Several case reports have demonstrated that verteporfin-PDT could resolve the exudative retinal detachment associated with a diffuse choroidal haemangioma. For circumscribed choroidal haemangioma, a 10-case study showed evidence of regression with flattening of tumor, resolution of subretinal fluid, and reduction of choroidal vasculature on angiograms. The visual acuity either improved or remained stable in eight patients. Visual loss due to delayed choroidalatrophy was seen in two patients (47).
Head and neck cancer is the term given to a variety of malignant tumors that develop in the oral cavity, the pharynx, the nasal cavity, and the larynx. The most extensively studied photosensitizers for SCCs of head and neck are Photofrin and Foscan (temoporfin, meta-tetrahydroxyphenylchlorin, mTHPC).
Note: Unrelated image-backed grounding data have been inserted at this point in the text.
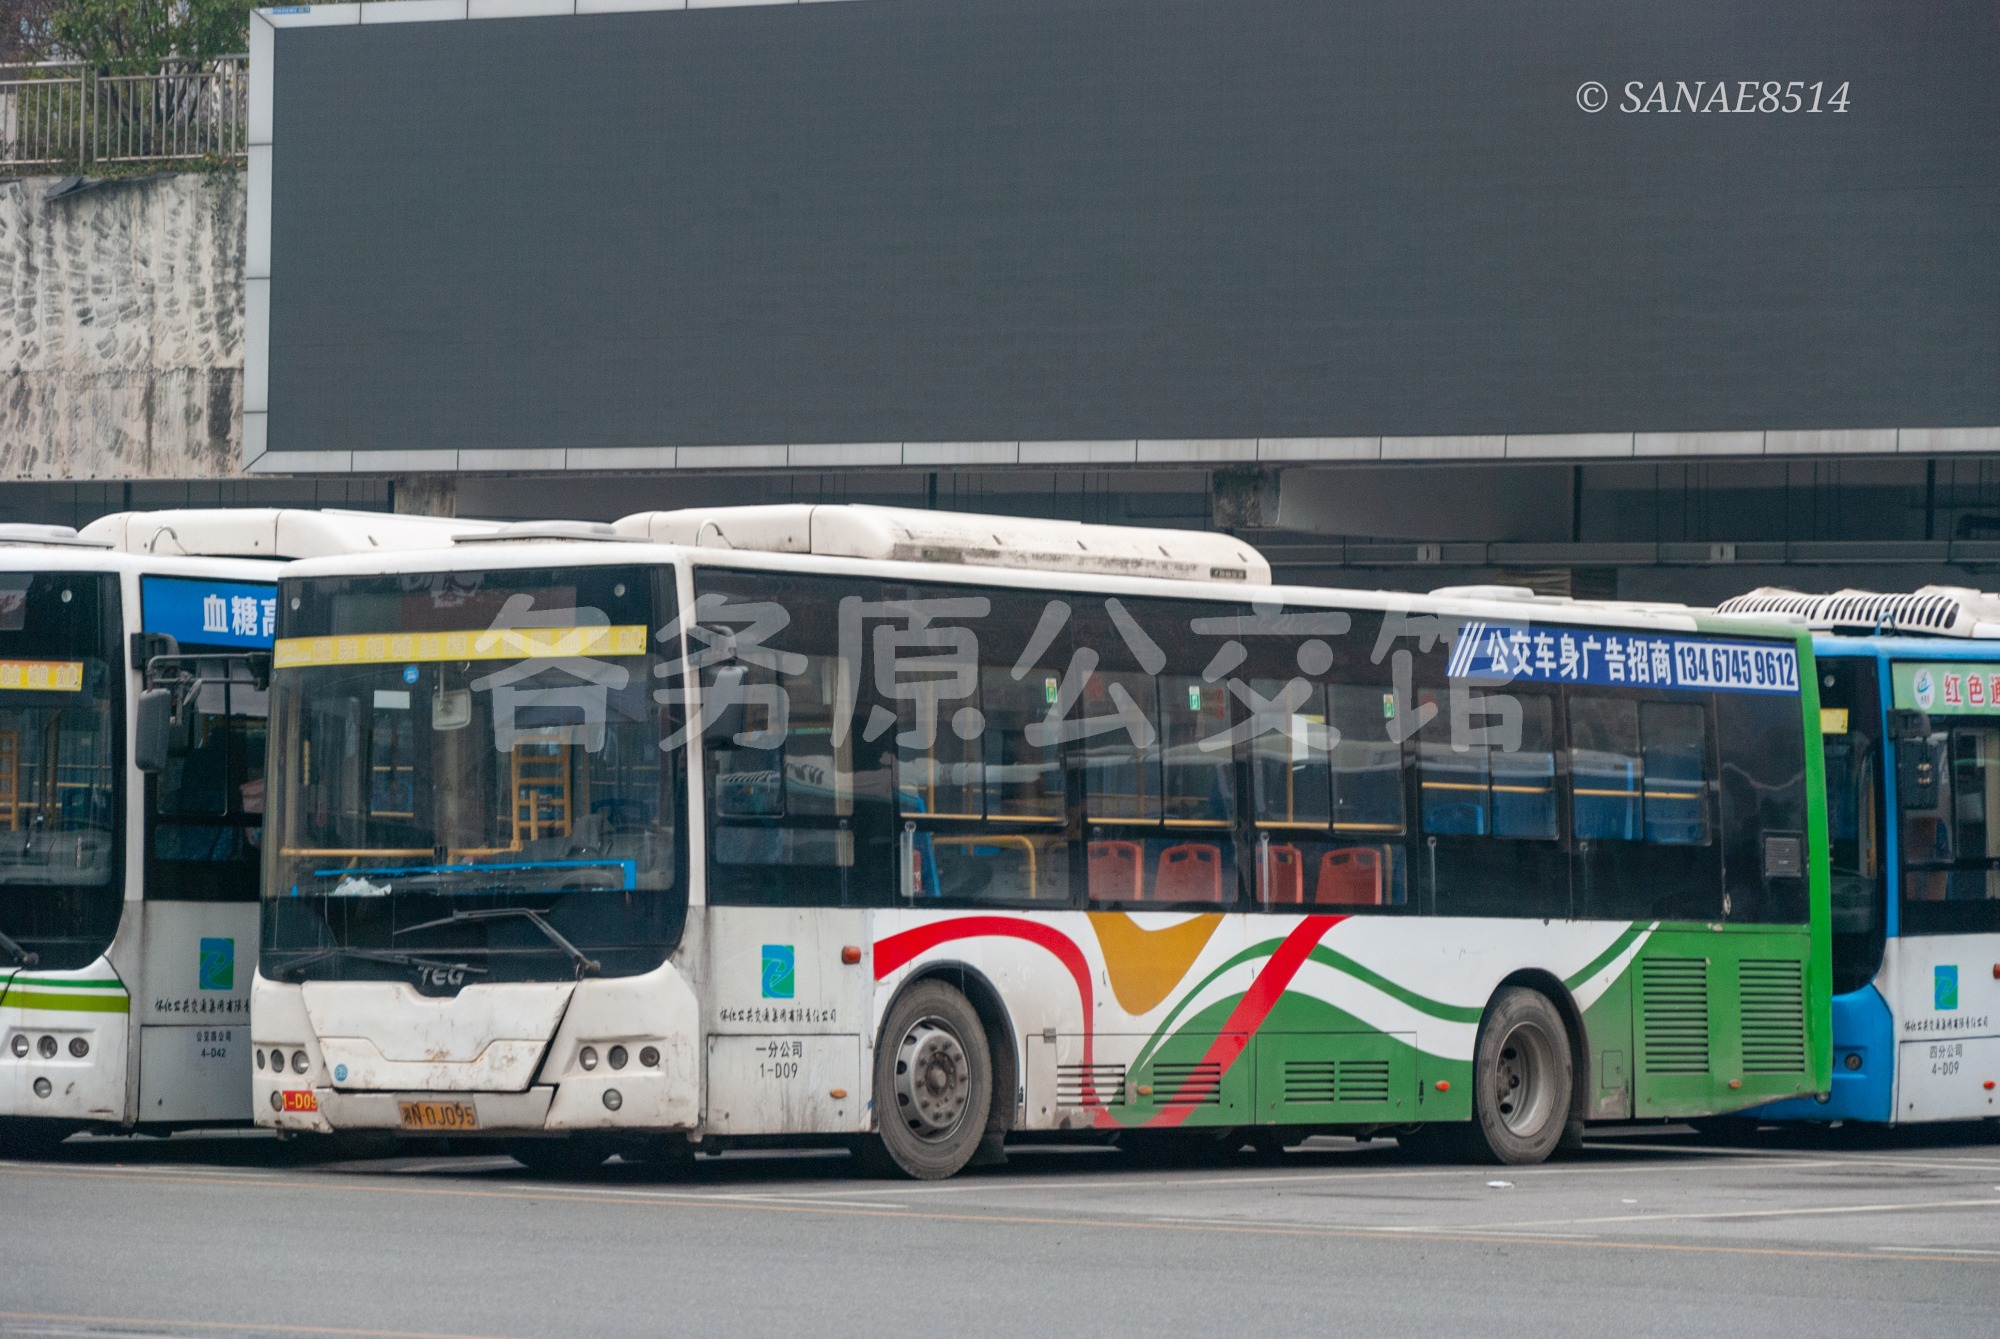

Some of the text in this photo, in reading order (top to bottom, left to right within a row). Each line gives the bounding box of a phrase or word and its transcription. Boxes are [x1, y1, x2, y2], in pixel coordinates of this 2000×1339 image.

[1486, 629, 1671, 686] 公交车身广告招商
[201, 1048, 226, 1058] 4-D42
[755, 1041, 803, 1059] 一分公司
[1929, 1043, 1963, 1059] 四分公司
[760, 1062, 798, 1079] 1-D09
[1931, 1061, 1960, 1075] 4-D09
Biel reported the largest series of Photofrin-PDT for head and neck cancers of 107 patients in 1998. Cure for early cancer of the vocal cords (Ti and in situ disease) was achieved with a single treatment. There was only one recurrence in 79 months in a follow-up of 25 patients. The cure rate for early oral cavity tumors was 80% after 70 months, but all patients responded initially. For patients with advanced disease the use of PDT as an adjunct with radio-therapy or surgery could also improve cure rates (48). Another Photosan-3 PDT study showed that for superficial tumors of the larynx and oropharynx the cure rate was 89% over a follow-up period of 13-71 months of 19 patients (49).
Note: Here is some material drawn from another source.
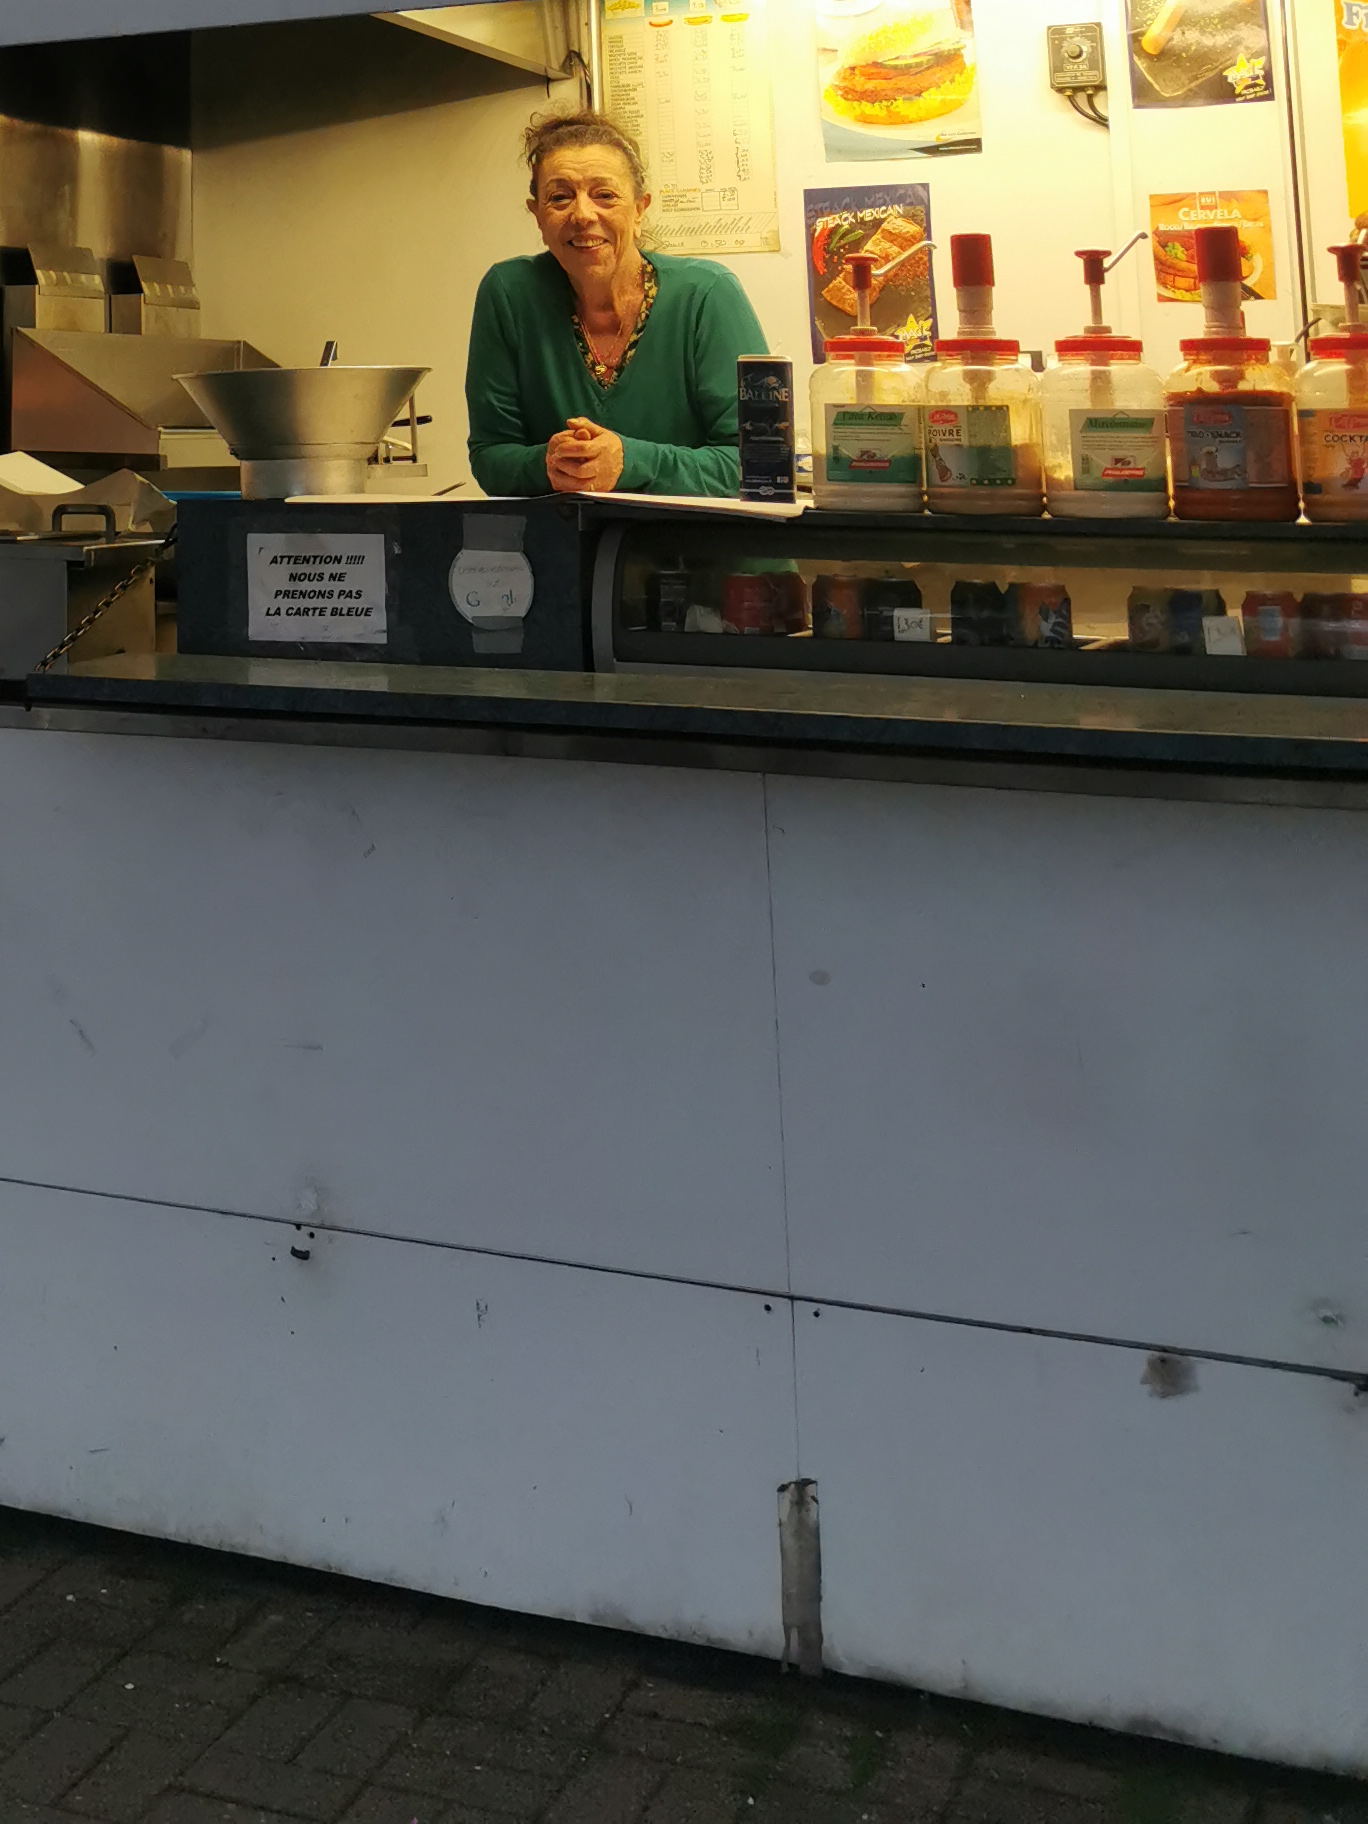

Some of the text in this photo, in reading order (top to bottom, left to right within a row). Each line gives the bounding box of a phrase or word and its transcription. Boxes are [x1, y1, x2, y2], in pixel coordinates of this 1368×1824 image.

Foscan-PDT was approved in Europe in 2001 for the palliative treatment of patients with advanced head and neck cancer who have exhausted other treatment options. PDT is particularly well suitable for head and neck cancer because it has little effect on underlying functional structures and has an excellent cosmetic outcome (50). A recent multicenter study of 128 patients with recurrent/refractory SCCs showed that by use of WHO criteria, 38% of evaluable patients achieved an overall tumor response, and 16% achieved a complete tumor response, 43% of assessable lesions achieved 100% tumor mass reduction, and 58% achieved 50% or greater tumor mass reduction. Fifty-three percent of evaluable patients experienced a significant clinical quality-of-life benefit. Subset analyses revealed two subgroups in which significantly better responses were seen in patients with tumors of 10 mm or less in depth and patients with fully illuminated lesions. In patients fulfilling both categories, overall tumor response was 54%, CR was 30% and 61%. This demonstrates that Foscan-PDT can achieve significant clinical benefits and improvement in the quality of life of patients (51). A long-term study (37 months) shows a cure rate of 86% with 4 recurrences in 25 patients (52).
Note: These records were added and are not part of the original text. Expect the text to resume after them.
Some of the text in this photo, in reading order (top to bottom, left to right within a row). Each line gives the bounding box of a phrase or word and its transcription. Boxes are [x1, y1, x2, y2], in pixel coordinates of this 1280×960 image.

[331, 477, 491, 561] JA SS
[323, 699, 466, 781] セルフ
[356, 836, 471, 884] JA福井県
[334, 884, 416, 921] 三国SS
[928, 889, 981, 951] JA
Intracranial tumors are poor prognosis diseases and treatment options are few. Glioblastomas and astrocytomas also tend to form foci of tumor that spread beyond the main tumor site. Therefore, conserving healthy brain tissue while effectively killing cancerous cells remains a major challenge in the treatment of these diseases. Muller and Wilson introduced an intra-operative Photofrin-PDT procedure (cavitary illumination) in the 1990s, which utilizes an optical fiber in a lightdiffusing medium, to irradiate the surgical bed immediately following resection to treat patients with malignant glial tumors, particularly glioblastoma, and anaplastic astrocytoma. The multicenter studies have shown prolongation of survival in patients with malignant gliomas. With surgery alone the median survival was only 20 weeks, PDT raised survival to 30, 44 and greater than 61 weeks for patients with recurrent glioblastoma, malignant astrocytoma, and astrocytoma-oligodendroglioma, respectively. In patients with newly diagnosed tumors, PDT after subtotal resection appears to be safe and can prolong survival (53). Optimizing photosensitizer uptake, elevating light dose, and fluerescence guided resection might further improve the efficacy of intraoperative PDT mediated with Photofrin or Foscan (54-59).
Stummer et al. have demonstrated in the late 1990s that ALA-induced porphyrin fluorescence may label malignant glioma tissue for better visualization and accurately enough to enhance the completeness of tumor removal (60). ALA mediated intra-operative photodynamic diagnostics (PDD) of tumor tissue and post-resection PDT may be a beneficial combination (61). Recent preclinical study has demonstrated an interesting phenomenon which was named as “metronomic PDT or mPDT” and might be clinically relevant. This term is analogous to continuous metronomic low-dose chemotherapy, in which both the photosensitizer and light are delivered continuously at low rates for extended periods of time to increase selective tumor cell killing through apoptosis and meanwhile minimize surrounding normal tissue damage. Prototype light applicator uses LED coupled to an implanted optical fiber or a directly implanted LED (62). LED-based PDT is not new. Schmidt et al. have shown that LED array could achieve a similar therapeutic effect as laser in brain tumor PDT mediated with Photofrin or verteporfin (18, 63).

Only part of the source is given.